Machine learning in the fight against propaganda

A Data Pro and Data Science Society hack the news!

The global Hack the News Datathon, which kicked off on 21 January, gathered together more than 250 AI and data science academics, professionals and aficionados from over 50 countries to help develop a tool that can automatically identify propaganda in news. A Data Pro’s involvement in the project as a co-organiser brought technical expertise and years of experience in the field, with four of our data scientists working on machine learning and automating the identification process.

The event was co-organized by the Data Science Society, the Qatar Computing Research Institute (QCRI) and Hamad bin Khalifa University, and was hosted onsite in Sofia, Doha, Bangalore, and Riyadh as well as online via a dedicated platform, which focuses on detecting the use of propaganda and specific propagandistic techniques, thus promoting actionable, reliable AI. 

The Datathon sparked the Propaganda Analysis project, which employs machine learning to train models to automatically recognize bias in reporting. To do so, a reference point of flawlessly annotated articles known as a Gold Standard Corpus (GSC) was created by our very own data scientists. The GSC is a dataset of news articles, where A Data Pro’s experts have identified elements of propaganda or bias, according to specific criteria and guidelines from our partners at QCRI.

Once identified, these elements of biased reporting or speech are classified and fed to an algorithm, which can make predictions and decisions, thus learning to automatically recognize similar fallacies in the future. This machine learning process is at the core of the project and the end goal is to automate the natural language processing (NLP) of prejudiced articles, written text, forum posts and even social media posts, and counter the phenomenon.

“I expect that this datathon will start a very promising research direction in the fight against propaganda”, says Dr. Preslav Nakov, datathon co-organizer from QCRI. “Similarly to fighting spam, fighting disinformation is an adversarial problem, where malicious actors constantly change and improve their strategies.”

Focusing on several topics such as the Qatar blockade of 2017, the so called “red scare” in 50’s USA, the Las Vegas shootings of 2017, articles pertaining to religion, the Russian involvement in the US elections, and the Cambridge Analytica scandal, among others, the project.

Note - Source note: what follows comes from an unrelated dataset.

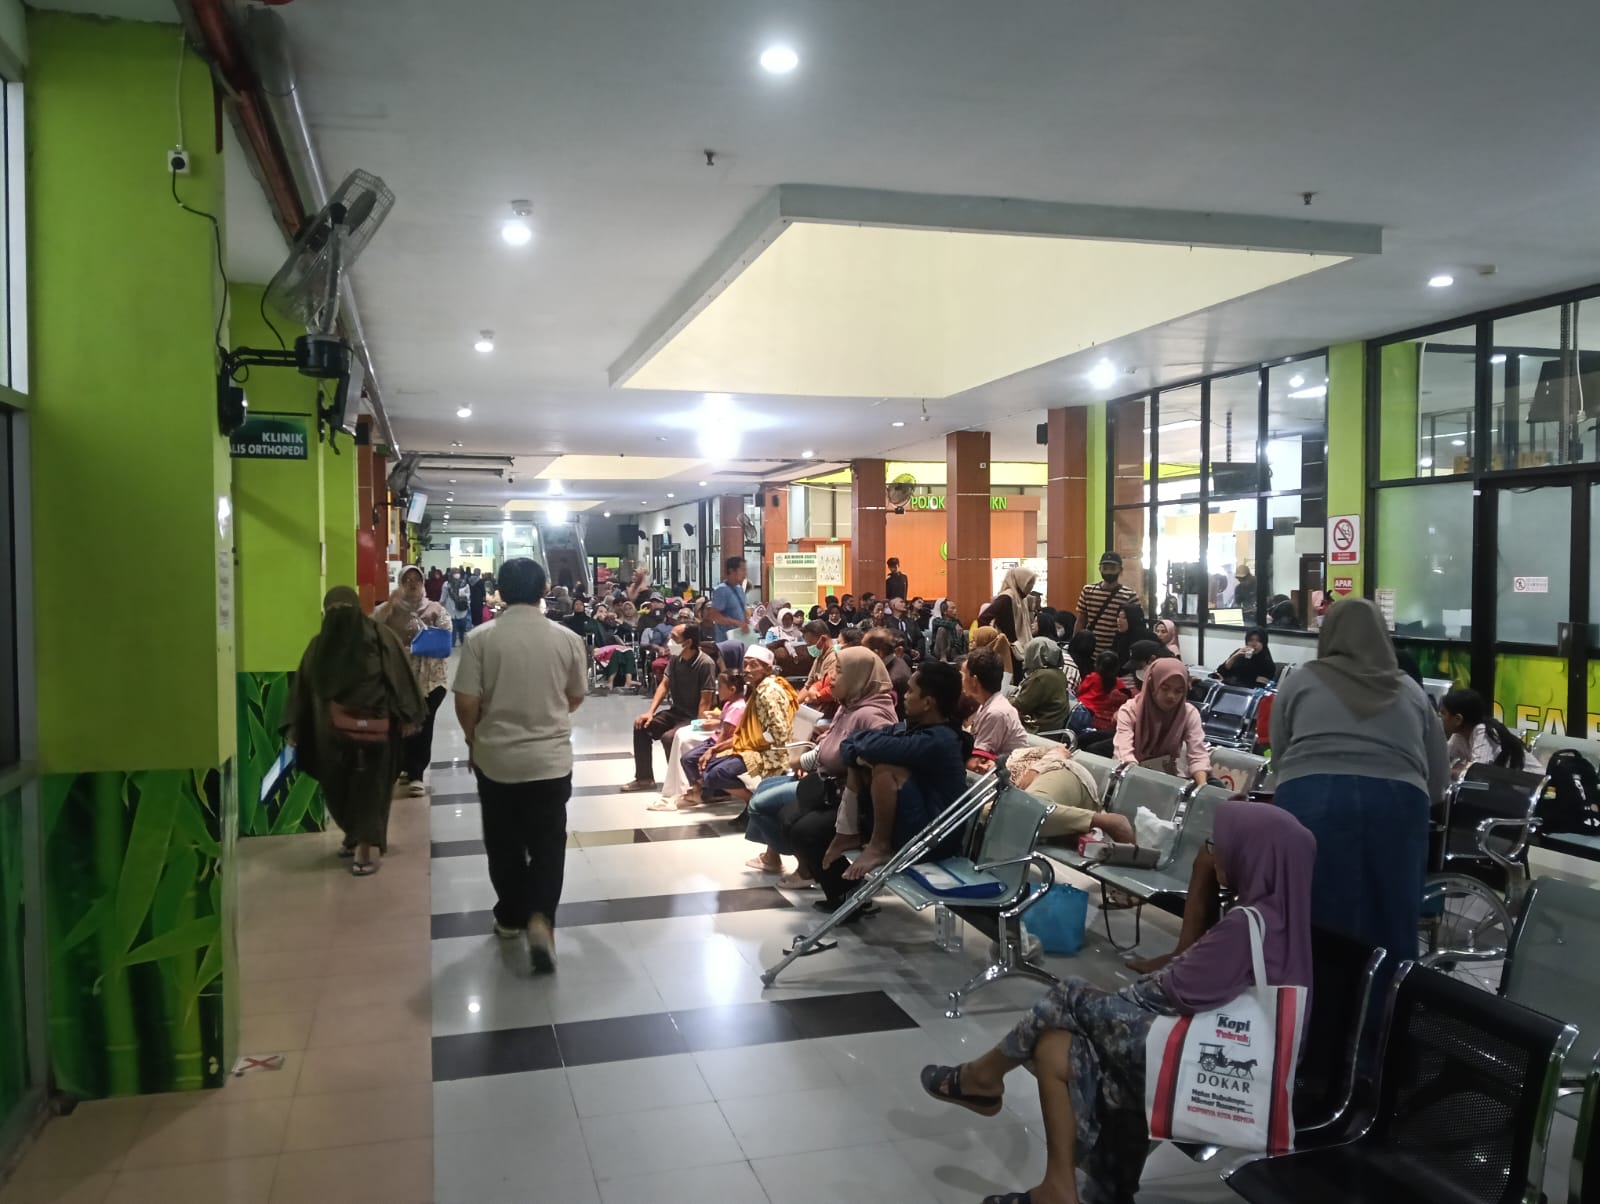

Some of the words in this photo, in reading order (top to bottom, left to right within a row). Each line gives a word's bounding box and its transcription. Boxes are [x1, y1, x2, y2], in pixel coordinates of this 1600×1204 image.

The winners of the Hack the News Datathon Finals were announced on 29 January after three days of intense competition, with a prize fund of USD 10,000 divided among the winners. Third place went to team Lama from Turkey, with second place going to Astea-Wombats from Bulgaria. The prestigious first place was awarded to team PIG (Propaganda Identification Group) from Germany who used Convolutional neural network (CNN) and Long short-term memory (LSTM) to identify propaganda.

The results of A Data Pro, QCRI and Data Science Society’s project and its accomplishments will be presented at a dedicated workshop in Hong Kong in November 2019 as part of the annual Conference on Empirical Methods in Natural Language Processing & International Joint Conference on Natural Language Processing (EMNLP-IJCNLP).